7. Sample Input and Output
Initial Data in the Database:
INSERT INTO BANK_ACCOUNT (id, account_holder_name, balance, version) VALUES (1, 'Alice', 1000.00, 0);Request 1 Input:
PUT /accounts/1/deposit?amount=500.00
Request 1 Output:
{
"id": 1,
"accountHolderName": "Alice",
"balance": 1500.00,
"version": 1
}Request 2 Input:
PUT /accounts/1/deposit?amount=300.00
Request 2 Output (Exception):
{
"timestamp": "2024-09-01T12:34:56.789+00:00",
"status": 409,
"error": "Conflict",
"message": "Optimistic lock exception occurred",
"path": "/accounts/1/deposit"
}8. Handling OptimisticLockException
To handle the exception, you can create a global exception handler:
import org.springframework.http.HttpStatus;
import org.springframework.web.bind.annotation.ControllerAdvice;
import org.springframework.web.bind.annotation.ExceptionHandler;
import org.springframework.web.bind.annotation.ResponseStatus;
import javax.persistence.OptimisticLockException;
@ControllerAdvice
public class GlobalExceptionHandler {
@ExceptionHandler(OptimisticLockException.class)
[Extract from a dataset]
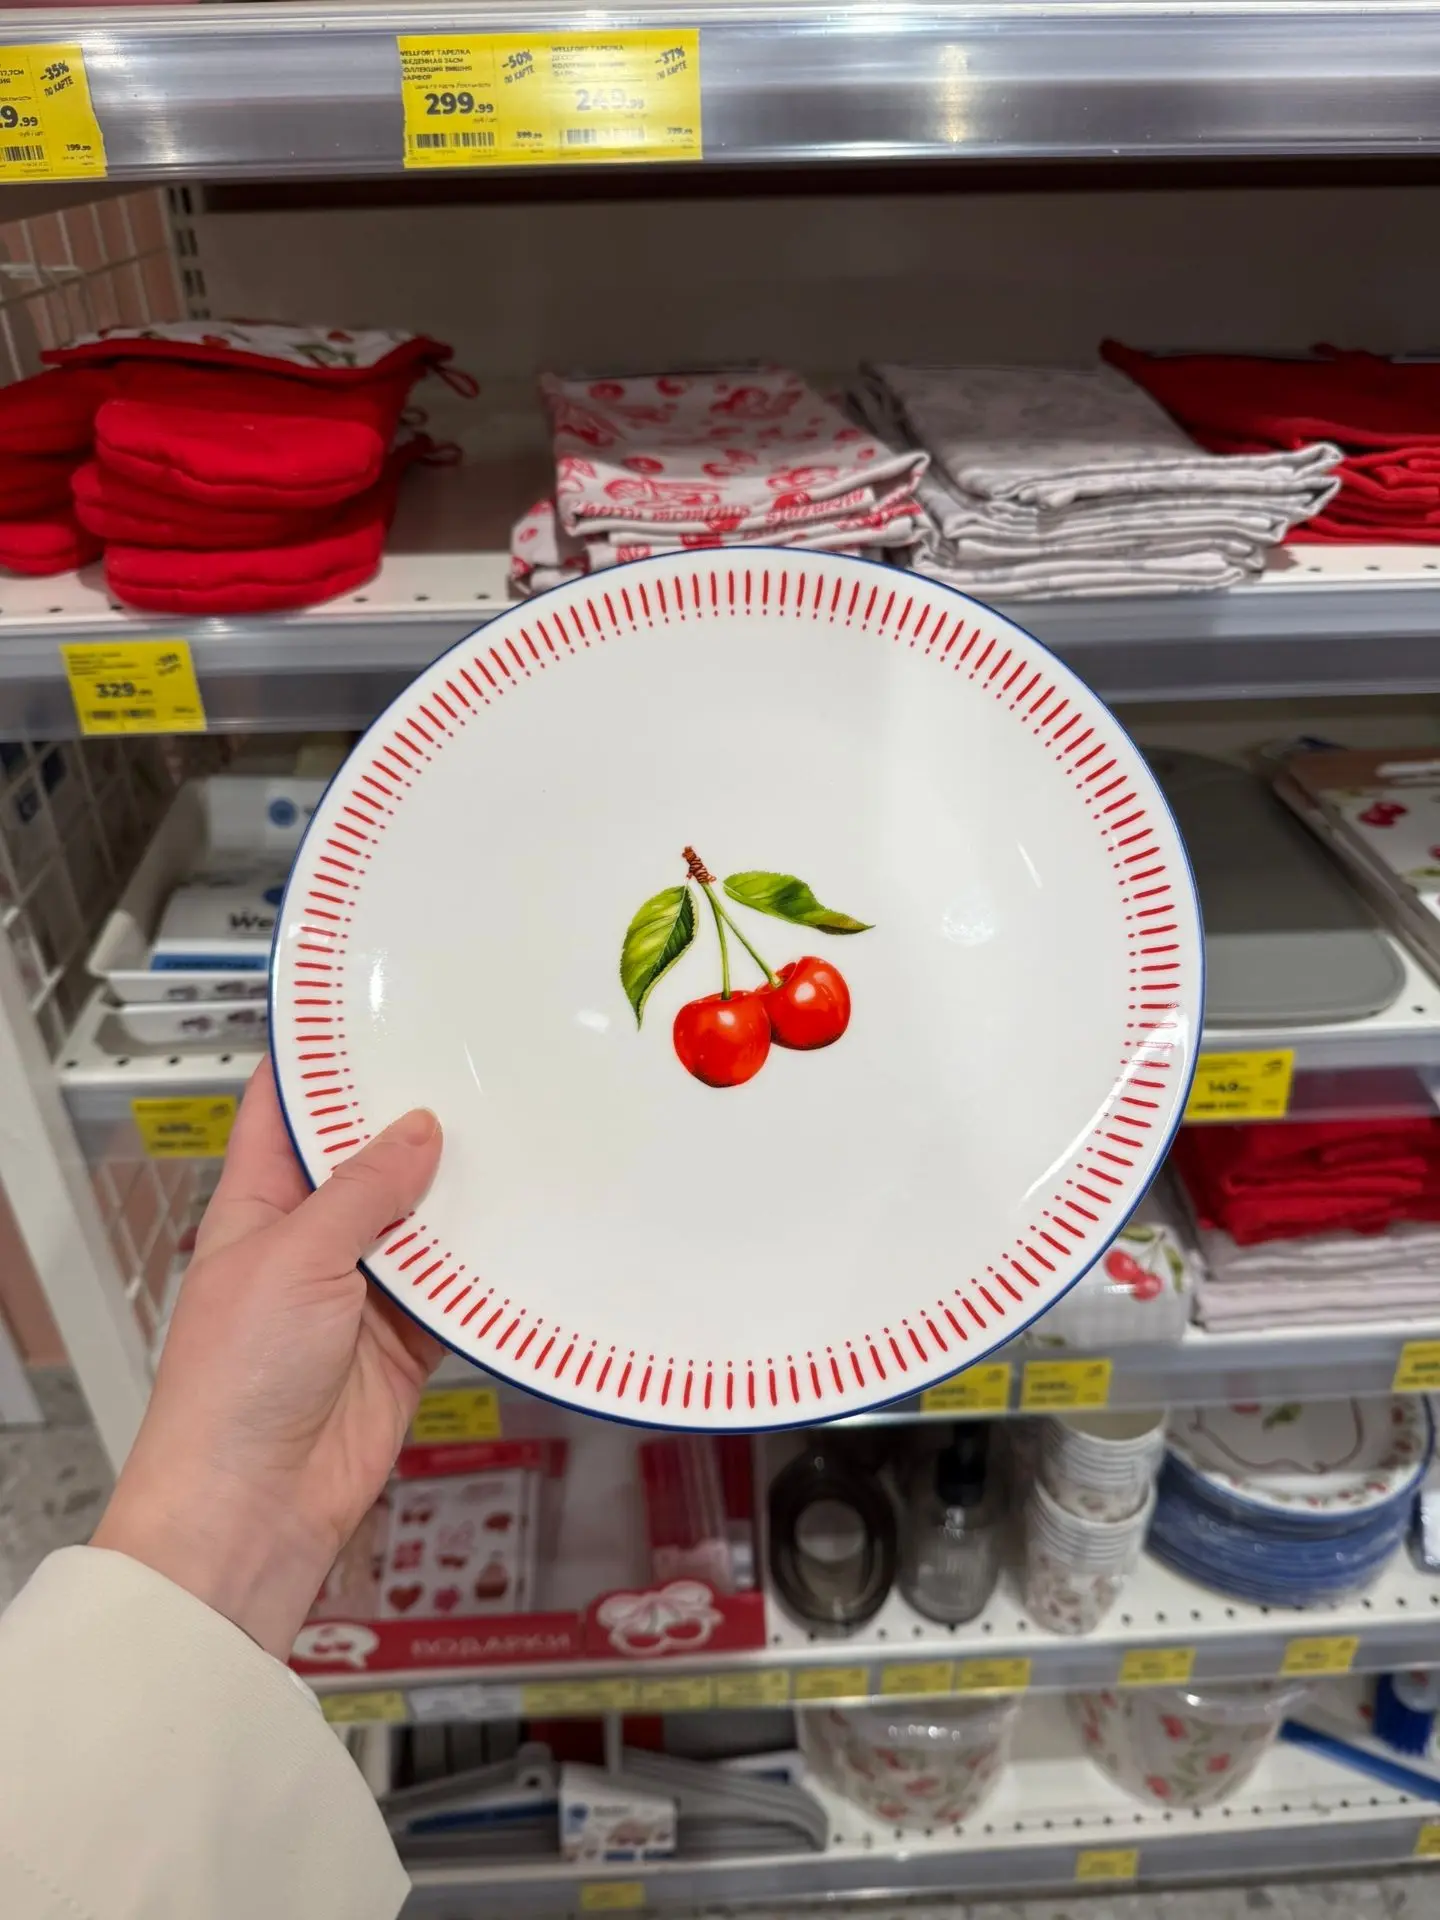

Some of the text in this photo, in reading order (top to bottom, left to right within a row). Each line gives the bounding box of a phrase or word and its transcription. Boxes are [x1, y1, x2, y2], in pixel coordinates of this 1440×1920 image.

@ResponseStatus(HttpStatus.CONFLICT)
public String handleOptimisticLockException(OptimisticLockException e) {
return "Optimistic lock exception occurred: " + e.getMessage();
}
}Summary
In this example, we’ve implemented optimistic locking in a Spring Boot application using JPA’s @Version annotation with a BankAccount entity. We demonstrated how two simultaneous deposit requests could lead to an OptimisticLockException. This scenario is particularly relevant in financial systems where consistent account balances are critical.